(Records contained in a dataset)
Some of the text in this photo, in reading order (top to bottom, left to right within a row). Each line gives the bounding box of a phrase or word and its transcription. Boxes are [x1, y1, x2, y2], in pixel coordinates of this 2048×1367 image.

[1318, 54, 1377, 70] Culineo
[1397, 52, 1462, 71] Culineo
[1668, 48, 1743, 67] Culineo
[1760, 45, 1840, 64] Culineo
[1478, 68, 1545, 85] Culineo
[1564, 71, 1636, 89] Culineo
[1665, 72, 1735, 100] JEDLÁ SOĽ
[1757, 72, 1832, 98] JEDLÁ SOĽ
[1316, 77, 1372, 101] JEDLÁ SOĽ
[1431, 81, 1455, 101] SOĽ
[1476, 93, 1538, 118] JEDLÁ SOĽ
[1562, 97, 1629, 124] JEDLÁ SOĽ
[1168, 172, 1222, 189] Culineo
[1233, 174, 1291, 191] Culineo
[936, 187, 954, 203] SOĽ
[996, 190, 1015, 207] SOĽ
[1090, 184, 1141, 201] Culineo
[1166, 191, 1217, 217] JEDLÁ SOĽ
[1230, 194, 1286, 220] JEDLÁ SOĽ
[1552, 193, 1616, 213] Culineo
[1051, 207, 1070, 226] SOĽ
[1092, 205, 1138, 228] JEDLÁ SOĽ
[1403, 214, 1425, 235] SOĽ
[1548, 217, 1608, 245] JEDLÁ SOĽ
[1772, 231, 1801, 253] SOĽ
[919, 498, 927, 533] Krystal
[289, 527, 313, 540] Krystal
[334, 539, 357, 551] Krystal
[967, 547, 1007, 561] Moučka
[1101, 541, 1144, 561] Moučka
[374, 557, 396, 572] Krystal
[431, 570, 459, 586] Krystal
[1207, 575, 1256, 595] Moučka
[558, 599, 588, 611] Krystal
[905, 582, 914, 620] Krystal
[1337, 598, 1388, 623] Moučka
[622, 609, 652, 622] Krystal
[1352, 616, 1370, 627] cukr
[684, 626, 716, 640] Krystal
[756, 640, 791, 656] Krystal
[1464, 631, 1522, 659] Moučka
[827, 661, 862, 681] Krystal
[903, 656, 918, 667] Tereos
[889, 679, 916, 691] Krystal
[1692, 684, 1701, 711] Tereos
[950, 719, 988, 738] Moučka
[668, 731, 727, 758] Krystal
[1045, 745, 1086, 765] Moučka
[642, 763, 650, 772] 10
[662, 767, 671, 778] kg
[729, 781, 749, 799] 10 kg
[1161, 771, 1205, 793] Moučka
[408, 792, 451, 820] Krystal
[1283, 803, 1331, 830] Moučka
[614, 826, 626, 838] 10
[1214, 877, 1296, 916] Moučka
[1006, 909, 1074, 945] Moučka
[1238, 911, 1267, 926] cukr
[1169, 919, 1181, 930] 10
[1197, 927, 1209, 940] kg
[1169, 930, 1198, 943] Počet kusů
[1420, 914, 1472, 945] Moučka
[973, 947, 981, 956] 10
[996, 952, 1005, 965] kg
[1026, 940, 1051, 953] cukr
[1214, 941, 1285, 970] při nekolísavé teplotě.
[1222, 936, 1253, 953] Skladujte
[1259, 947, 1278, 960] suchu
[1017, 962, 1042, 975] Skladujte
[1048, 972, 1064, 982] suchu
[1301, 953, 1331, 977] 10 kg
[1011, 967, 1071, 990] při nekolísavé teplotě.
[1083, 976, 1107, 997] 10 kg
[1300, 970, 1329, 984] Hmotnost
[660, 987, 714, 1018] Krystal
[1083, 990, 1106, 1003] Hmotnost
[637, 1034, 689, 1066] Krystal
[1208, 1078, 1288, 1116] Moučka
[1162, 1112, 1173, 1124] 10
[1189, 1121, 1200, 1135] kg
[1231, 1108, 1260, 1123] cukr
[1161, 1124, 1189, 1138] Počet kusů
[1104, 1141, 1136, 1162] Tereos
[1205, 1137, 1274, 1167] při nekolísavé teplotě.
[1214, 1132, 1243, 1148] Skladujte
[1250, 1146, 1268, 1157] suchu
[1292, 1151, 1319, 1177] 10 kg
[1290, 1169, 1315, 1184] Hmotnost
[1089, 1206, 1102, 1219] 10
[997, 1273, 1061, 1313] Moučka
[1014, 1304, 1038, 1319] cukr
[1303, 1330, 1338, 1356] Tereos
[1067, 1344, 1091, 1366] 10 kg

EXERCISE AIM: Filter the entries down to the lines holding the string "Culineo". Copy each of those lines.

EXPECTED OUTPUT:
[1318, 54, 1377, 70] Culineo
[1397, 52, 1462, 71] Culineo
[1668, 48, 1743, 67] Culineo
[1760, 45, 1840, 64] Culineo
[1478, 68, 1545, 85] Culineo
[1564, 71, 1636, 89] Culineo
[1168, 172, 1222, 189] Culineo
[1233, 174, 1291, 191] Culineo
[1090, 184, 1141, 201] Culineo
[1552, 193, 1616, 213] Culineo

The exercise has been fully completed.